In the meantime, she could do amazing things with pasta and fresh vegetables, and all the walking she did kept the carbohydrates from gathering in force, though they seemed to have developed a fondness for her rear. At twenty-three she couldn’t still be built like a coltish teenager, and she was never going to look like a Frenchwoman. She just lacked the style even her roommate Sylvia, an Englishwoman, had in abundance. She could wear Sylvia’s clothes, but she never could master that faintly arrogant, slightly amused mien that she longed for. She might as well have a big butt, too.
Les Frères Laurent was on the third floor of an older building near Montmartre. Chloe was the first one in, as always, and she put on a pot of the strong coffee that she loved, cradling a cup in her chilled hands as she looked out into the busy street below. The brothers kept the heat off at night, and as a junior employee she wasn’t allowed to touch the thermostat, so she’d learned to keep an extra sweater in the tiny cubicle she’d been allotted. She wasn’t in the mood for working—it was a gorgeous day, with the sky a bright azure above the old buildings that surrounded them, and for some reason the adventures of Flora the plucky little ferret didn’t call to her. Not enough sex and violence, she thought wistfully. Just moral lessons in a heavy-handed lecture, given by a skinny rodent in a pink tutu and the smug values of an American Republican. Just once she wished Flora would yank off her tutu and jump the rascally weasel who’d been giving her the eye. But Flora would never stoop so low.
Chloe took a sip of her coffee. Strong as faith, sweet as love, black as sin. She wouldn’t be a real Parisian until she started smoking, but even to annoy her parents she couldn’t go that far. Besides, the farther away her parents were, the less annoying they became.
It was another hour before anyone else would arrive at the office, and she told herself that no one would know or care if she wasted a few precious minutes before turning to the boring Flora. It was no wonder she was so irritated with the fictional character. What she needed was a little more sex and violence in her own life.
Be careful what you wish for, a little voice murmured in her head, but Chloe shook it off, draining her coffee. Sex had been notable by its total absence for the past ten months, and her last affair was so lackluster that she hadn’t been energized enough to look for a replacement. It wasn’t that Claude had been a bad lover. He prided himself on his skills, and expected the gauche Américain to be suitably dazzled. She wasn’t.
And she could probably do without violence, which was usually accompanied by blood, which tended to make her puke. Not that she’d encountered much real violence in her life. Her family had kept her sheltered, and she had a healthy respect for her own safety. She didn’t go wandering into dangerous parts of the city at night, she locked her doors and windows and looked both ways and prayed diligently before she crossed the homicidal Parisian traffic.
No, she could look forward to another peaceful winter in the underheated apartment, eating pasta, translating Flora the Plucky Ferret and Bruce the Tangerine, though how a tangerine could have a life of its own had so far escaped her. Maybe that was why she was stalling on Flora, knowing her next task was citrus.
She’d find another lover, sooner or later. Maybe Sylvia would finally hit the mother lode, move out, and Chloe would find some nice, gentle Frenchman with wire-rimmed glasses and a skinny body and a taste for experimental cooking.

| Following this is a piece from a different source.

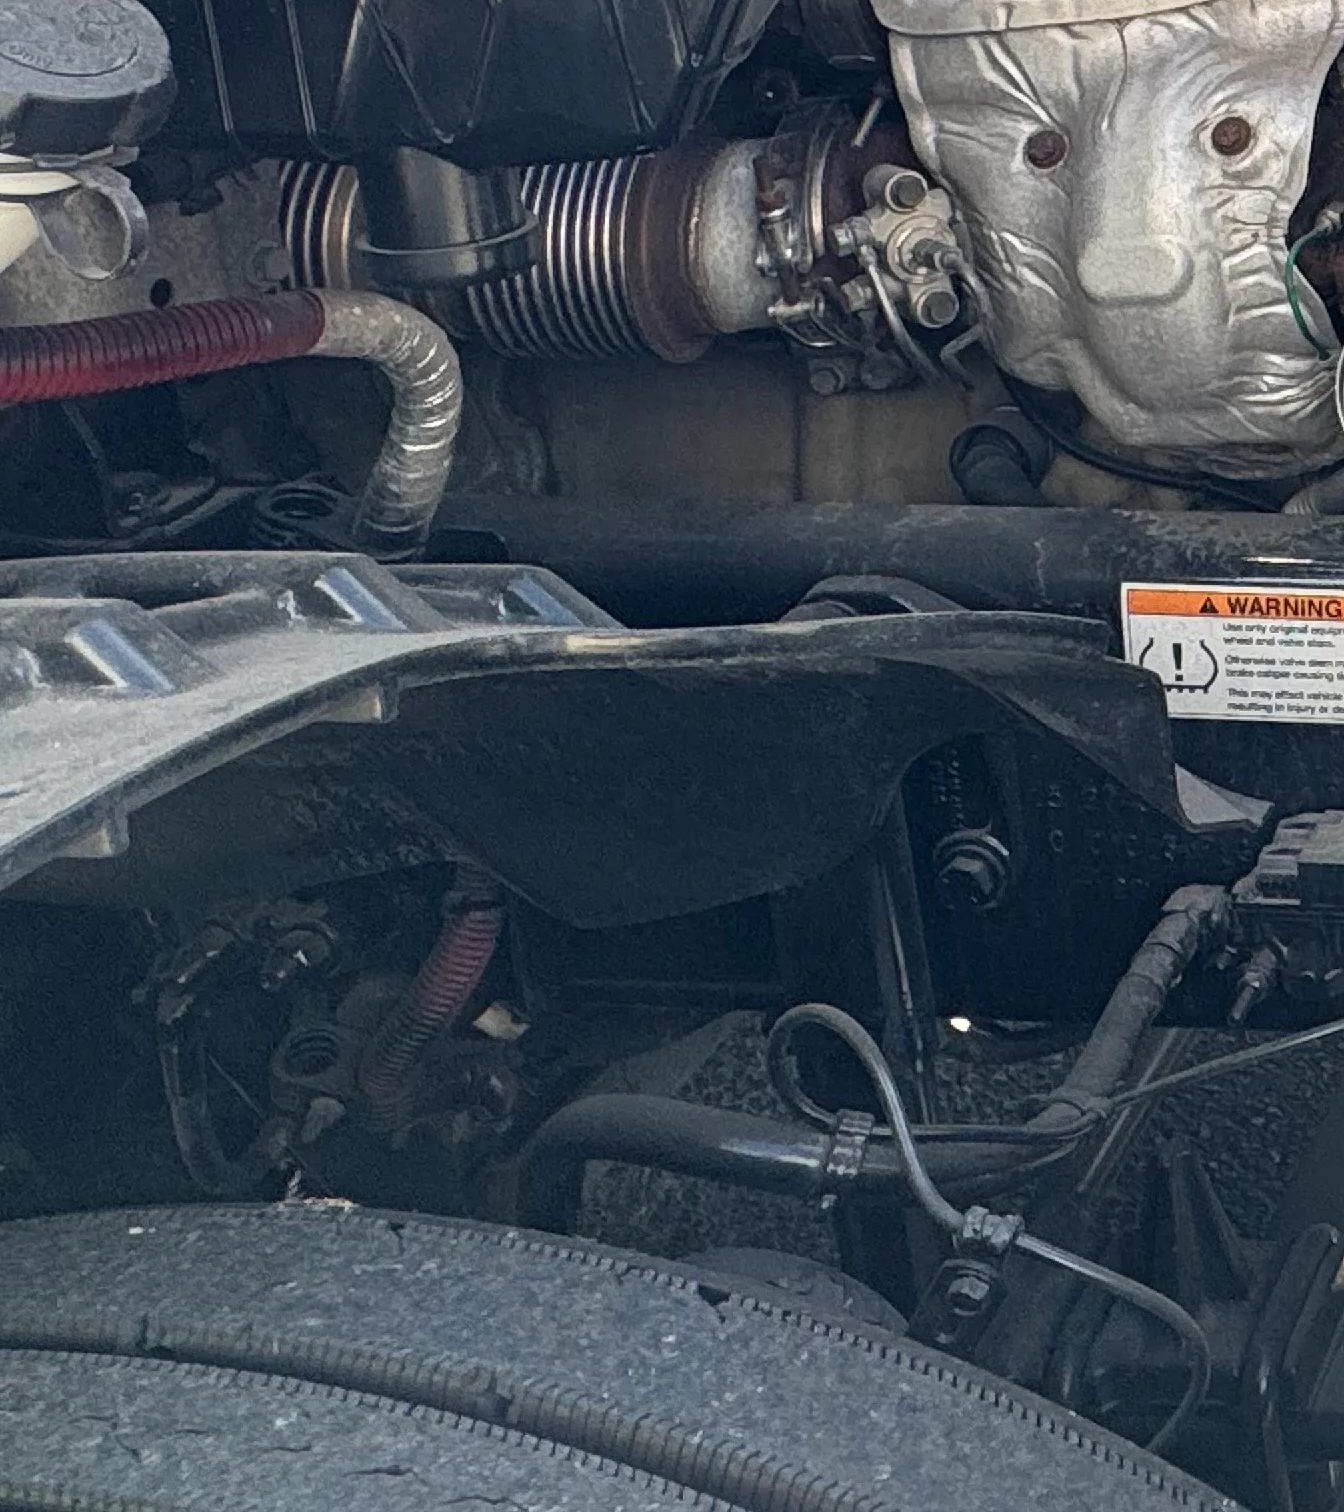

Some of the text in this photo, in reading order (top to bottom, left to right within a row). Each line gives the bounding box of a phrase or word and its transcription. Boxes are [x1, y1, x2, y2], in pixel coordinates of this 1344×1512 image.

In the meantime, the doughty little ferret awaited her, as did the daunting task of coming up with the French equivalent of “doughty.”
She heard Sylvia before she arrived—there was no mistaking the noisy clatter of her expensive shoes on the two flights of stairs, the muttered cursing from her perfectly rouged mouth. The only question was, why was Sylvia showing up at work three hours before she usually dragged herself in?